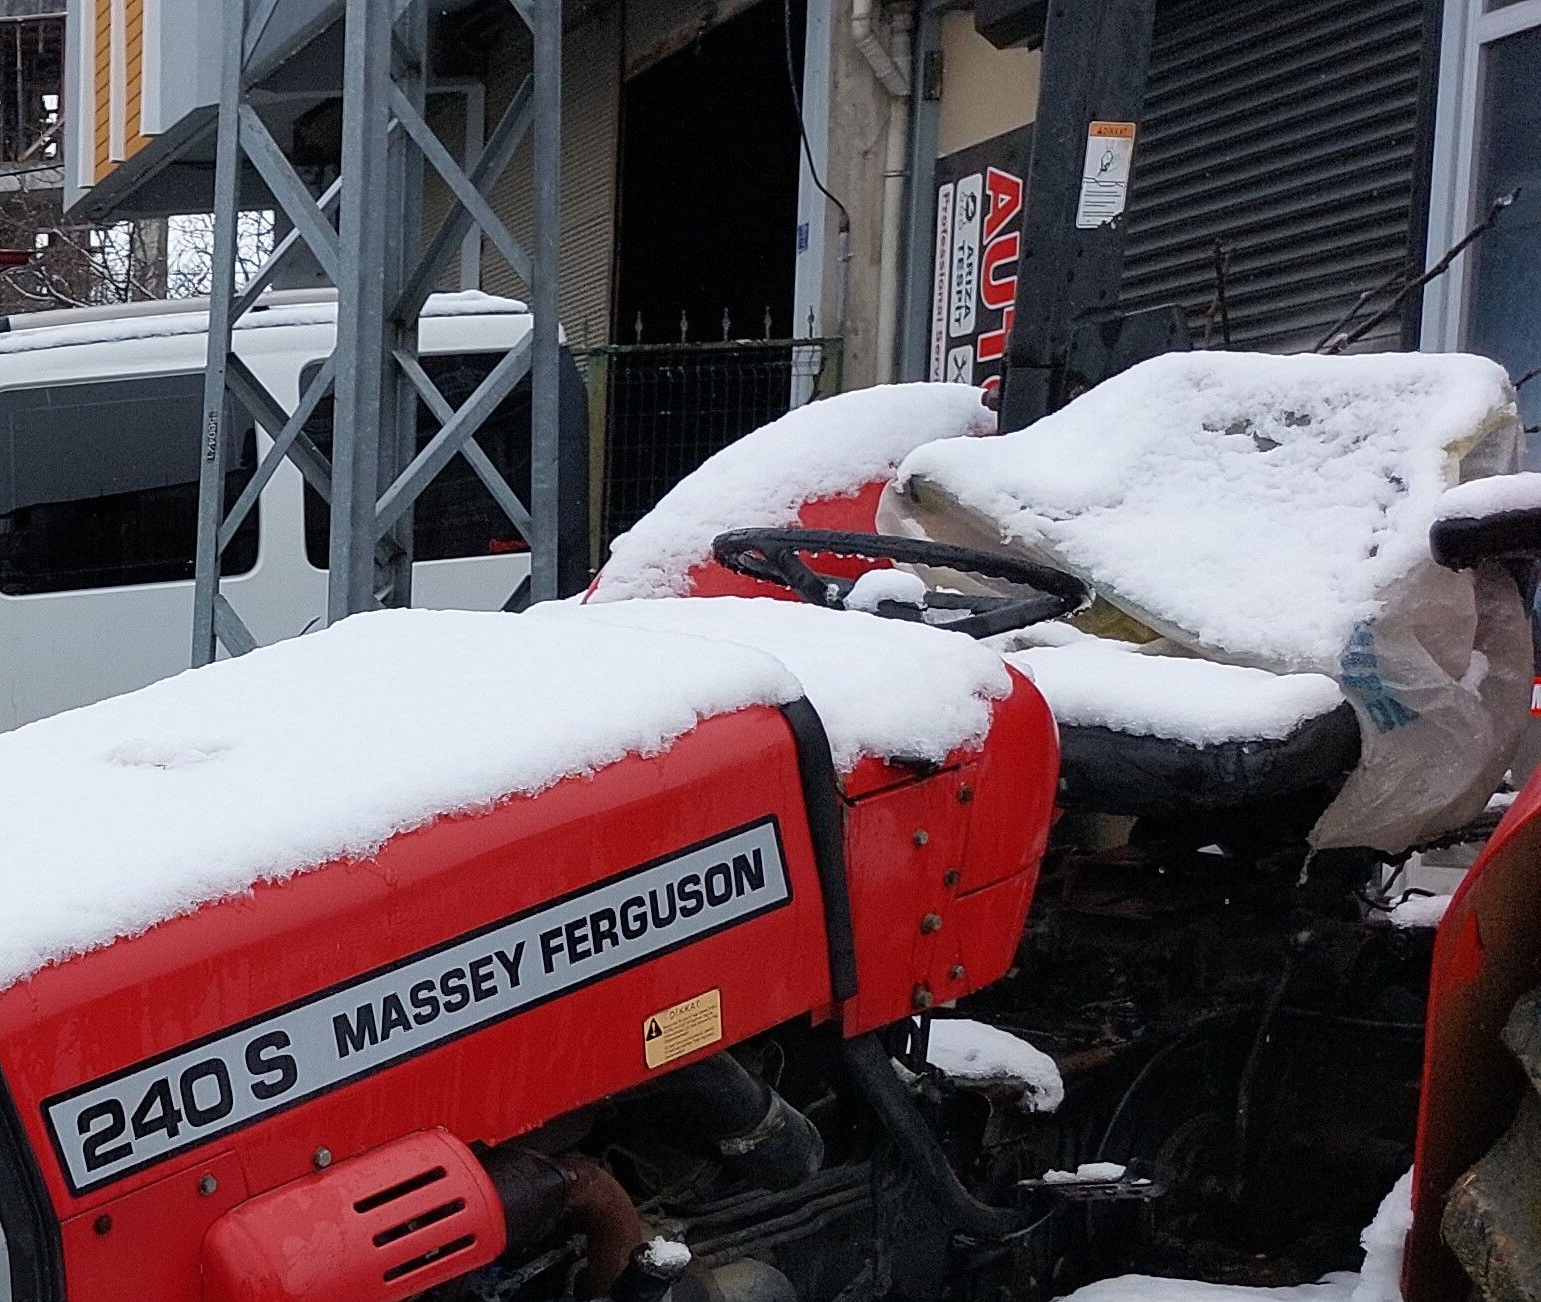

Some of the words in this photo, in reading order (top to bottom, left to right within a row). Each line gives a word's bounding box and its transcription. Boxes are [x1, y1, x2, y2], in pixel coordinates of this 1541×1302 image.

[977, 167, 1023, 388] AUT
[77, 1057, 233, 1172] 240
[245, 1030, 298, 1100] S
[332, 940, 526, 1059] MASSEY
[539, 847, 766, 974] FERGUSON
____________________
**Work required**.
Give back the whole listing exactly; no pictures.

**Result for this task**.
Some of the words in this photo, in reading order (top to bottom, left to right within a row). Each line gives a word's bounding box and its transcription. Boxes are [x1, y1, x2, y2], in pixel coordinates of this 1541×1302 image.

[977, 167, 1023, 388] AUT
[77, 1057, 233, 1172] 240
[245, 1030, 298, 1100] S
[332, 940, 526, 1059] MASSEY
[539, 847, 766, 974] FERGUSON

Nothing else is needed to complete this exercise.